Maximize p = P1·Q1 + P2·Q2 subject to:

c·Q1 + d·Q2<R1 The budget constraint, for example.

e·Q1 + f·Q2< R2 The machine scheduling time constraint.

where Q1 and Q2 > 0 Nonnegativity constraint.

Dual:

MinimizeC= R1·w1 + R2·w2 subject to:

c·W1 + e·W2>P1 Profit Contribution of Product 1

d·W1 + f·W2> P2 Profit Contribution of Product 2

where W1 and W2 > 0 Nonnegativity constraint.

Complexity and theMethod of Solution

- The solutions to primal and dual problems may be solved graphically, so long as this involves two dimensions.
- With many products, the solution involves the SIMPLEX algorithm, or software available in FOREPROFIT

Cost Minimization Problem Using Linear Programming

- Multi-plant firms want to produce with the lowest cost across their disparate facilities. Sometimes, the relative efficiencies of the different plants can be exploited to reduce costs.
- A firm may have two mines that produces different qualities of ore. The firm has output requirements in each ore quality.
- Scheduling of hours per week in each mine has the objective of minimizing cost, but achieving the required outputs.

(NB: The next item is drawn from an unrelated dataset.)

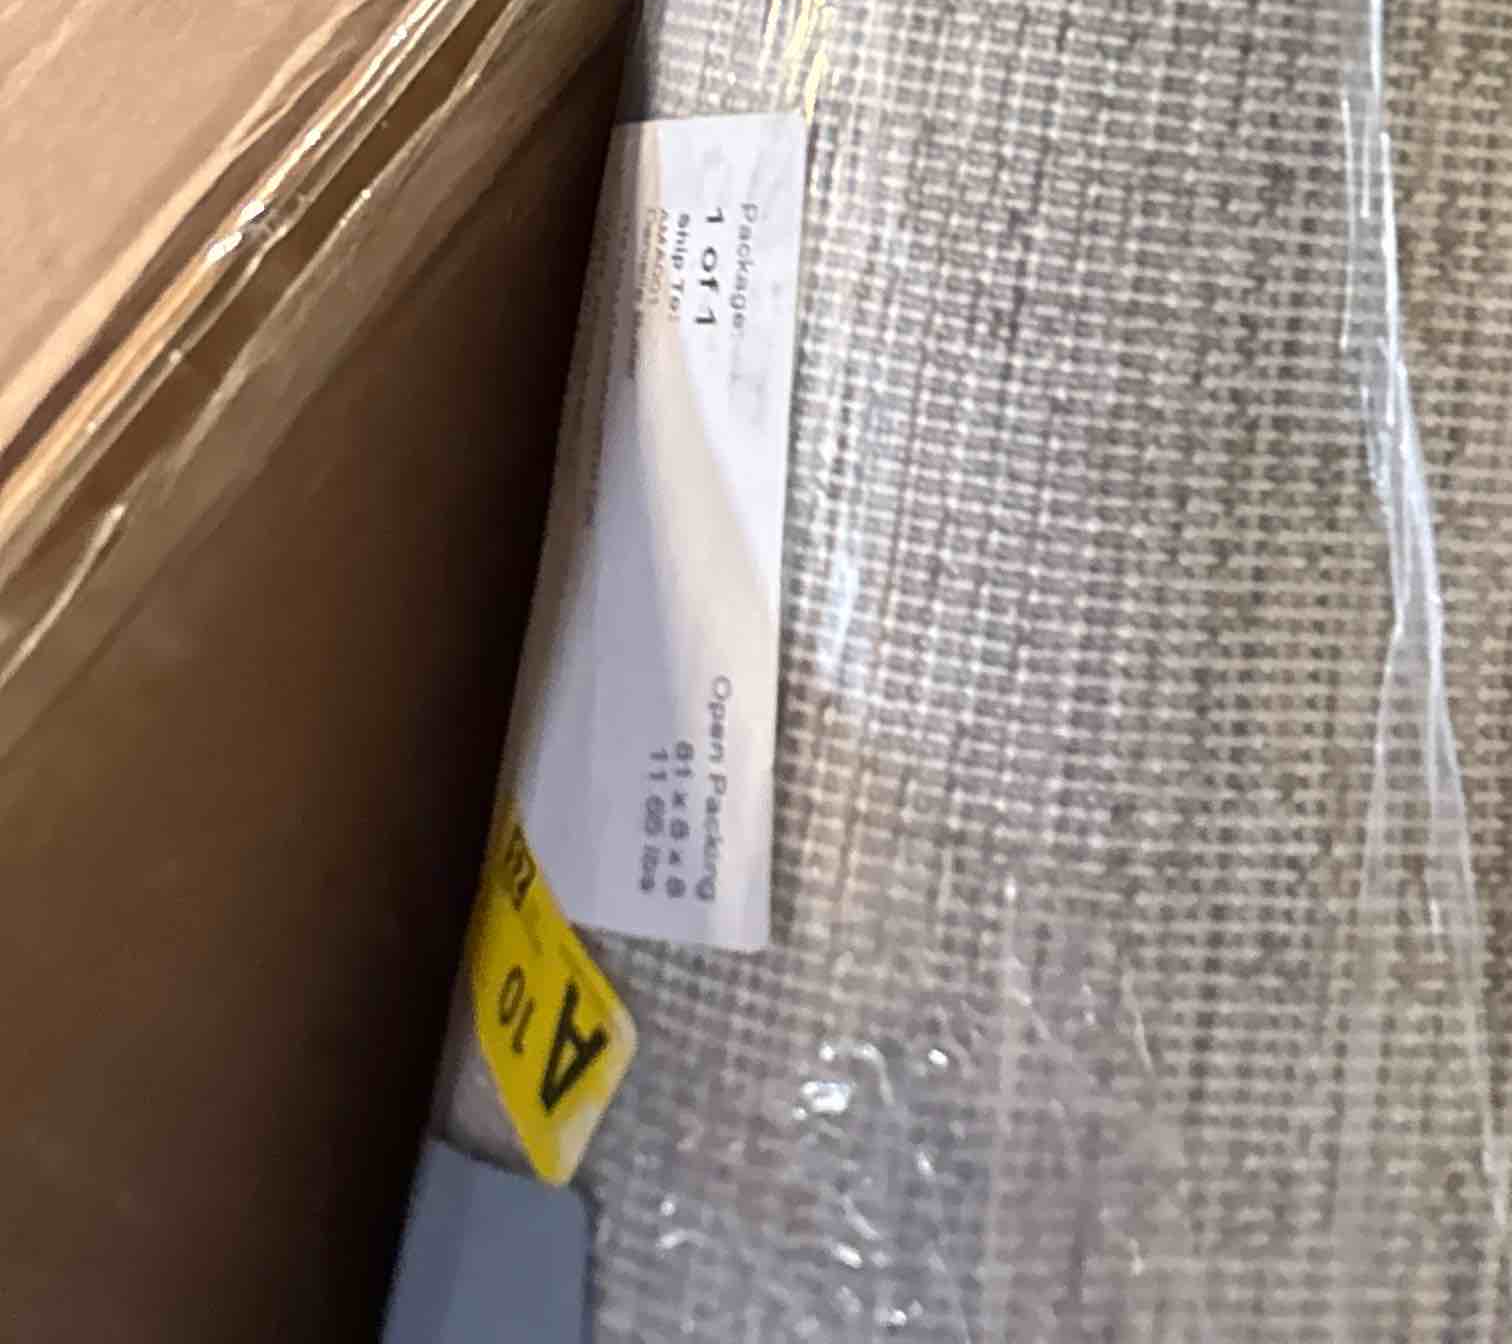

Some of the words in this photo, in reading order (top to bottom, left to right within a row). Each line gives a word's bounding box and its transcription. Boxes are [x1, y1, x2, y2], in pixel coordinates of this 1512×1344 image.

If one mine is more efficient in all categories of ore, and is less costly to operate, the optimal solution may involve shutting one mine down.

- The dual of this problem involves the shadow prices of the ore constraints. It tells the implicit value of each quality of ore.

Capital Rationing Problem

- Financial decisions sometimes may be viewed as a linear programming problem.
- EXAMPLE: A financial officer may want to maximize the return on investments available, given a limited amount of money to invest.
- The usual problem in finance is to accept all projects with positive net present values, but sometimes the capital budgets are fixed or limited to create "capital rationing" among projects.

The solution involves determining what fraction of money allotted should be invested in each of the possible projects or investments.

- In some problems, projects cannot be broken into small parts.
- When this is the case, integer programming can be added to the problem.